Atualmente capital tem oito Unidades de Pronto-Atendimento
FOTO: Douglas Magno / O TEMPO
Atualmente capital tem oito Unidades de Pronto-Atendimento

A Prefeitura de Belo Horizonte informou que está pronta para substituir profissionais da saúde que se recusem a trabalhar durante a Copa do Mundo. “A prefeitura fez um esforço grande, com condições e salários melhores, o que deve ser discutido amanhã (quinta-feira, dia 29) e depois. Caso não se resolva, temos liminares que impõem 70% de atendimento nos pontos de urgência. Temos condições de colocar profissionais temporariamente, selecionados previamente, no sentido de substituir. Mas não queremos trabalhar com essa hipótese”, disse Fabiano Pimenta, secretário municipal de Saúde.
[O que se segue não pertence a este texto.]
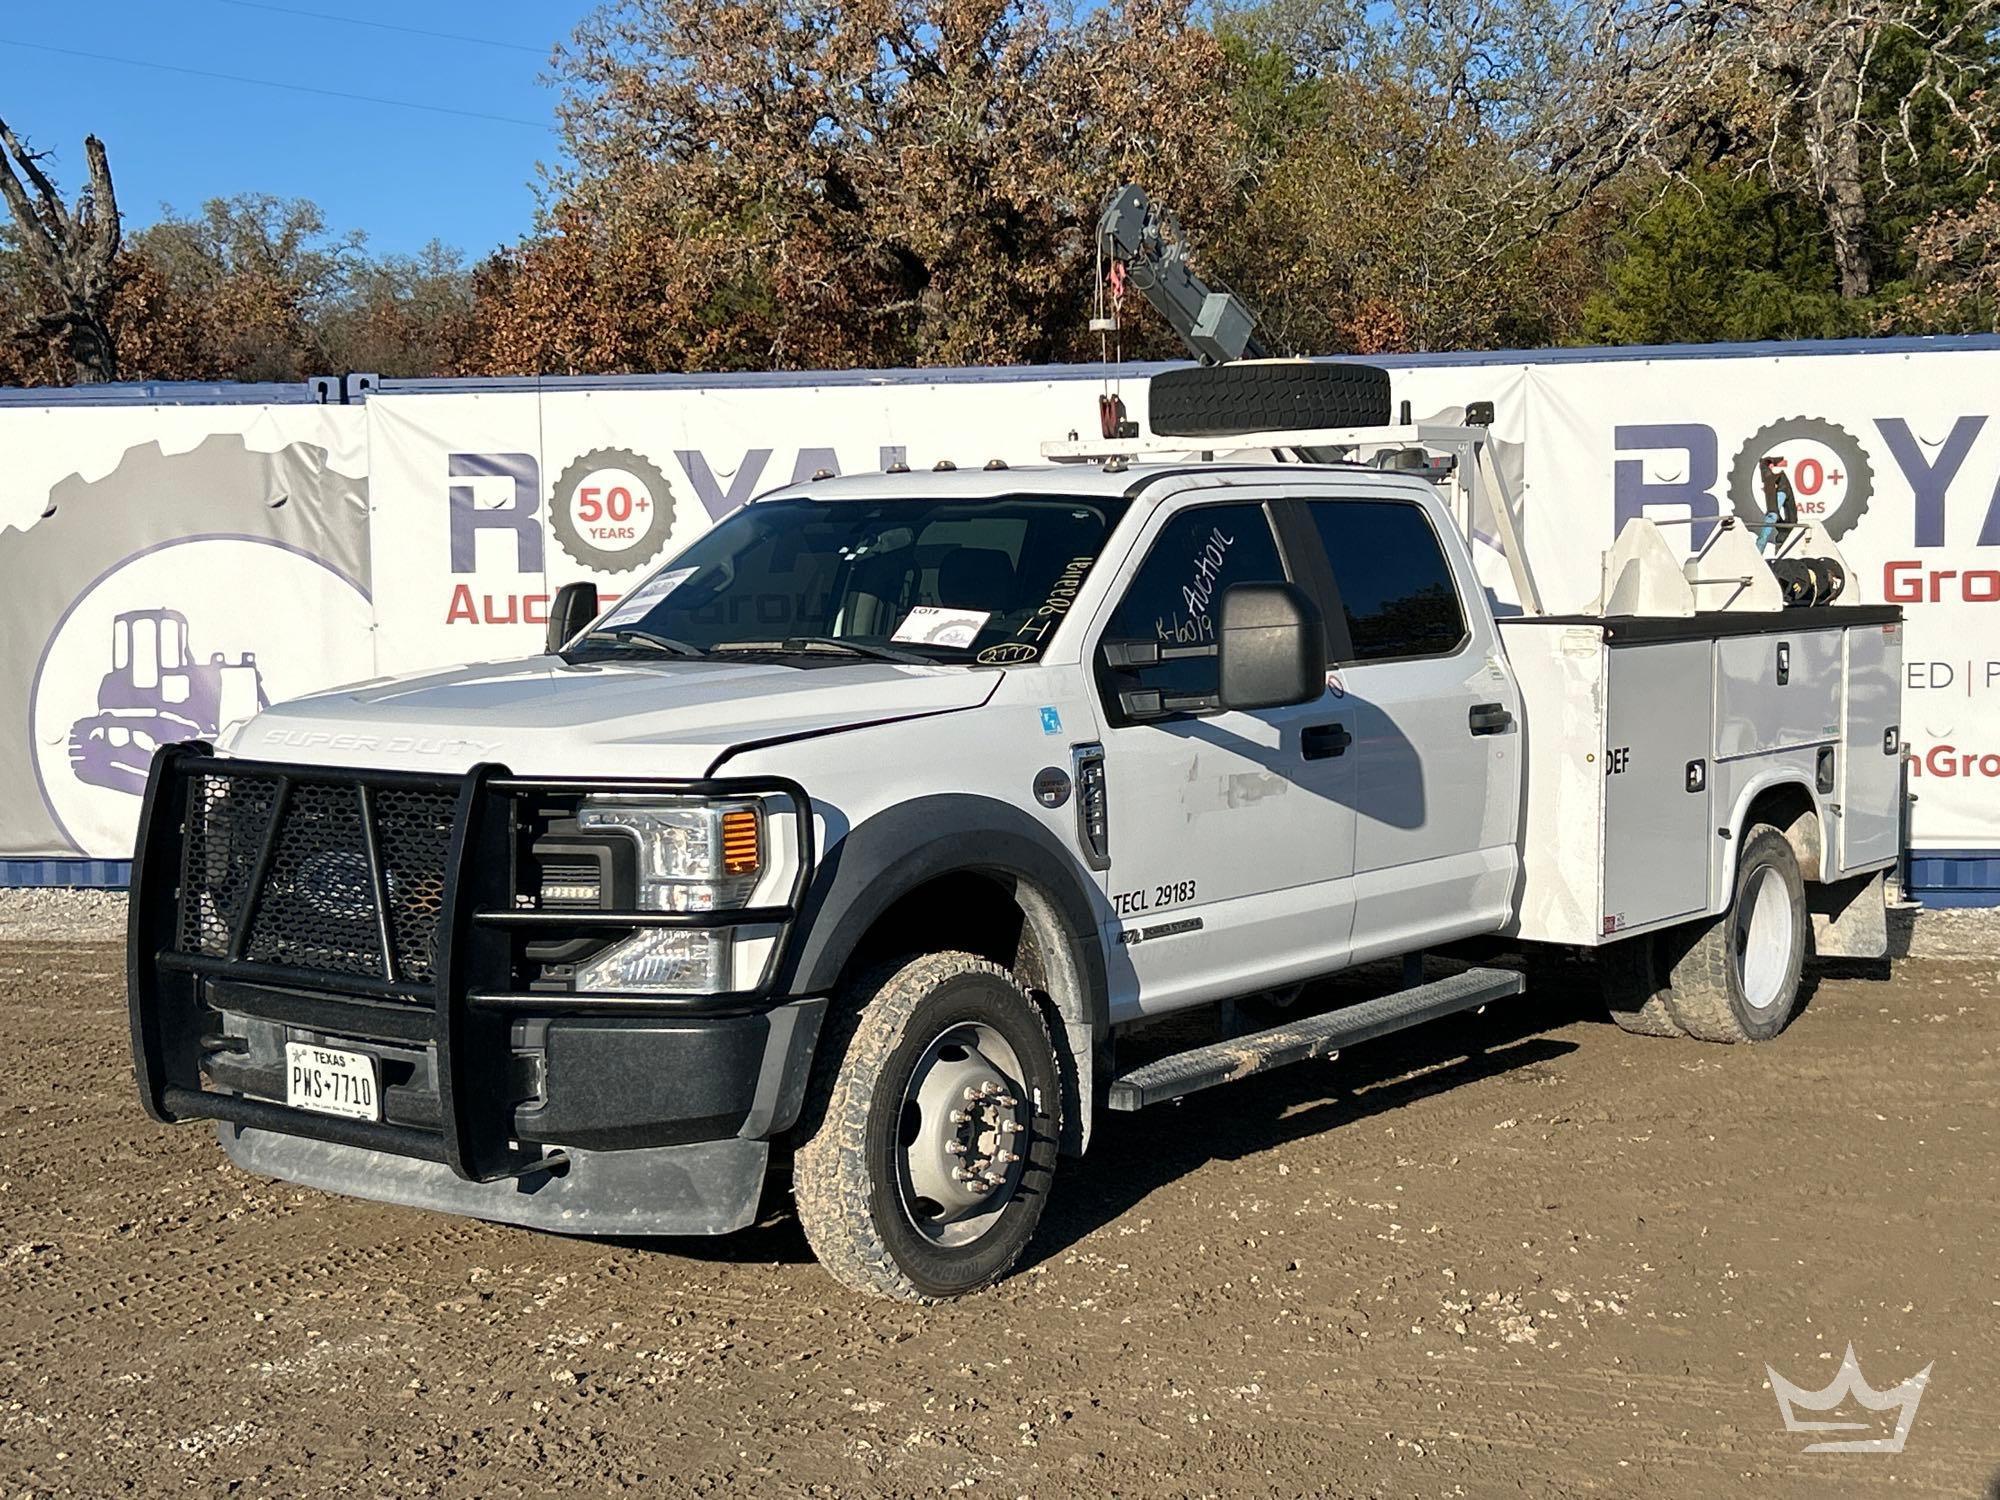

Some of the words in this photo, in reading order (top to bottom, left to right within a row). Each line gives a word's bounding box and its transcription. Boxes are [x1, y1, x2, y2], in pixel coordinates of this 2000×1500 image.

[578, 487, 650, 522] 50+
[1795, 501, 1826, 514] ARS
[589, 527, 635, 539] YEARS
[1902, 662, 1954, 688] ED
[262, 729, 380, 751] SUPER
[386, 737, 504, 757] DUTY
[1606, 746, 1630, 776] DEF
[1112, 889, 1149, 916] TECL
[1154, 879, 1196, 907] 29183
[313, 1051, 346, 1068] TEXAS
[331, 1072, 371, 1106] 7710
Pimenta também avisou que não haverá prejuízo ao atendimento normal da população durante o Mundial. Serão criados 90 leitos clínicos e 30 leitos de UTIs para atender ao aumento da demanda. Os outros mais de 6.000 leitos do sistema de saúde belo-horizontino vão ser mantidos. “Os leitos são criados no sentido de ter profissionais que vão dar plantões, funcionários que irão trabalhar adicionalmente”, disse o secretário.

No Estado, o secretário José Geraldo de Oliveira Prado reiterou o compromisso de resolver as questões da categoria. “Tivemos uma manifestação do sindicato dos servidores sugerindo ajustes e questões no atendimento. Estamos avaliando e, se for pertinente, devemos aplicá-los”, destacou.